**DATA RECORDS**.

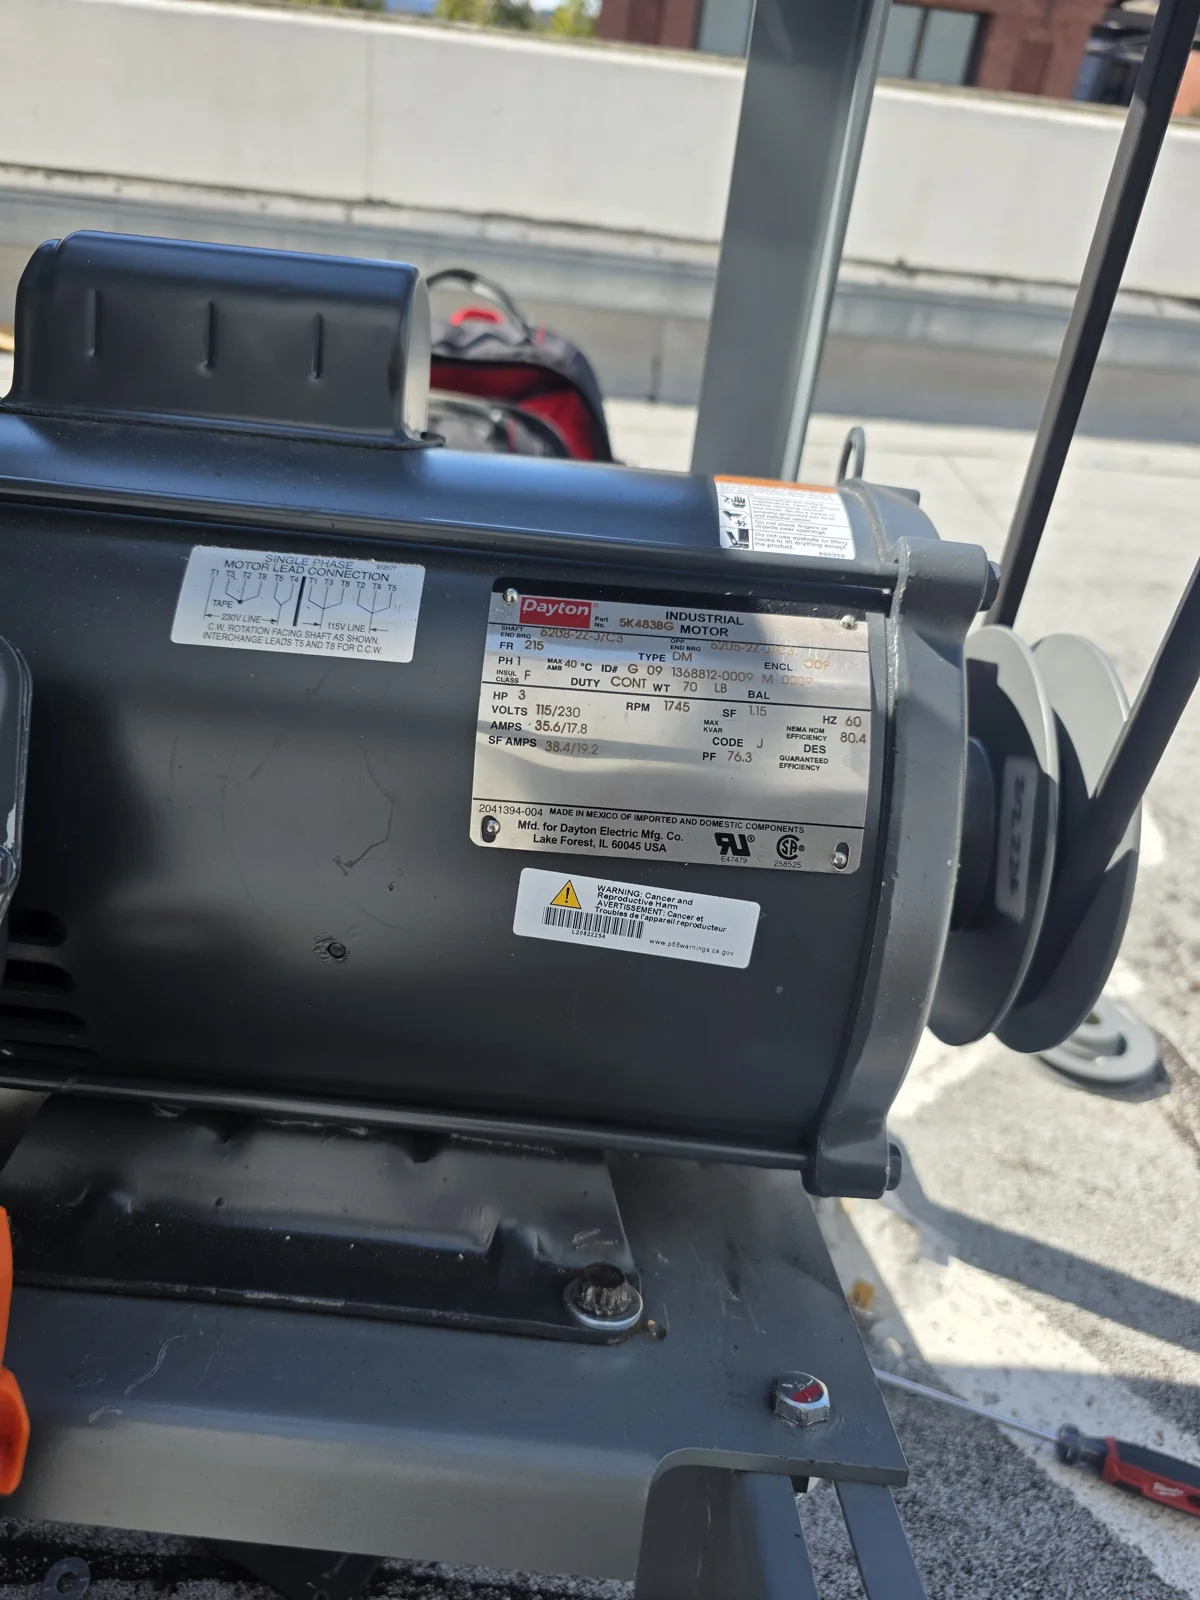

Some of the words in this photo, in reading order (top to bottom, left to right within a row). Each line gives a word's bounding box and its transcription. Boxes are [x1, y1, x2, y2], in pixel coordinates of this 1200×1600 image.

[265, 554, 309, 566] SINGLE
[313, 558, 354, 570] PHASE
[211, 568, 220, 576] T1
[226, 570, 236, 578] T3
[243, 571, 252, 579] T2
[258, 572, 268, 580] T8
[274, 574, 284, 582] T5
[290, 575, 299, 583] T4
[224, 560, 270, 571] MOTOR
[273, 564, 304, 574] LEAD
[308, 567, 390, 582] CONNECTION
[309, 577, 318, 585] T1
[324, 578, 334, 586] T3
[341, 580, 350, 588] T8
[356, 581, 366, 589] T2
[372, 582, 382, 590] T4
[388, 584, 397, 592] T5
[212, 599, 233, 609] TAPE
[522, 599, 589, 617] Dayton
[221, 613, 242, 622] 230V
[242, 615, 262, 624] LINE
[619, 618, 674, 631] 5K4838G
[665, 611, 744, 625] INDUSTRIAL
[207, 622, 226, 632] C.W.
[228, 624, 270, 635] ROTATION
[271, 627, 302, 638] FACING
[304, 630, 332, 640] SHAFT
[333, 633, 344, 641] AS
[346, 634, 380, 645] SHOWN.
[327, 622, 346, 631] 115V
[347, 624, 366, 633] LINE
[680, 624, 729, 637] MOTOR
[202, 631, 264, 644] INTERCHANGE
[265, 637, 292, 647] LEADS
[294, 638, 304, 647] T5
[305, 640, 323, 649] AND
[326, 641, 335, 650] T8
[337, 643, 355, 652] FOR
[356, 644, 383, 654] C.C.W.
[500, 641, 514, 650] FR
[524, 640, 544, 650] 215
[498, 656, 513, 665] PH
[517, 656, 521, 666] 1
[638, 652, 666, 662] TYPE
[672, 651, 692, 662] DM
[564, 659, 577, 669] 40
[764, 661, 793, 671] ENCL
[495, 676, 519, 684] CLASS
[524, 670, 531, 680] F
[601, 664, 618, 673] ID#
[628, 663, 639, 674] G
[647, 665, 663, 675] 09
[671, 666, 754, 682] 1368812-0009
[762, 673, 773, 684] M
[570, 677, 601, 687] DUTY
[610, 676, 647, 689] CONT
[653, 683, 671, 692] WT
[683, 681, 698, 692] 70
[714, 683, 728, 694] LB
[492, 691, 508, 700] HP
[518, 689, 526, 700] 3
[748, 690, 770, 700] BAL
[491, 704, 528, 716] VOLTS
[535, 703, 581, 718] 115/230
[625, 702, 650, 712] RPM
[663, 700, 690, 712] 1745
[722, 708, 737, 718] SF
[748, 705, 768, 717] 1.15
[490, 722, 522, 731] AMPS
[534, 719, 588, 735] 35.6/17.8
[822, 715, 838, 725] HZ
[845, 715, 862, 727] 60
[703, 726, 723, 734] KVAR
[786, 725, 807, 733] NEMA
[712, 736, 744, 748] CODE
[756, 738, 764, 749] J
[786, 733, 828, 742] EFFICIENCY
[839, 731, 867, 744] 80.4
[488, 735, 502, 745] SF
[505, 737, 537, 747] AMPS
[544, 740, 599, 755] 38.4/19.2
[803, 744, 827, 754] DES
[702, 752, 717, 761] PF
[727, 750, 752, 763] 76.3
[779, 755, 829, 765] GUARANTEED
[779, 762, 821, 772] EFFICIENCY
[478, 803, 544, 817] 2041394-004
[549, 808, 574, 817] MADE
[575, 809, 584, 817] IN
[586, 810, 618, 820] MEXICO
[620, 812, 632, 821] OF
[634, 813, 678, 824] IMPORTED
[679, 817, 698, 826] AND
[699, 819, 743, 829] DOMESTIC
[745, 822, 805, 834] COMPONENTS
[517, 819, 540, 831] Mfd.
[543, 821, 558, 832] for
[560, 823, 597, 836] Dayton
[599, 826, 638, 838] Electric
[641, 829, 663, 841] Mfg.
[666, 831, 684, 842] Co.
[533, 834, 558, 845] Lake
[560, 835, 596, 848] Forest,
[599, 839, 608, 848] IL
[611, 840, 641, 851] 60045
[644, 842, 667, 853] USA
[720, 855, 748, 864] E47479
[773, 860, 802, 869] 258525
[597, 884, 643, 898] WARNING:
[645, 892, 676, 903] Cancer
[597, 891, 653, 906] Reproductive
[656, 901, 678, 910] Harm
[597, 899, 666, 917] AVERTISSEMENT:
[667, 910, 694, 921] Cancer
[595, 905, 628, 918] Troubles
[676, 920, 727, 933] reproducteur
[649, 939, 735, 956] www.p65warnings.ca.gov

**TASK STATEMENT**. Every line that includes "EFFICIENCY" must be copied from the material above.

**WRITTEN RESPONSE**.
[786, 733, 828, 742] EFFICIENCY
[779, 762, 821, 772] EFFICIENCY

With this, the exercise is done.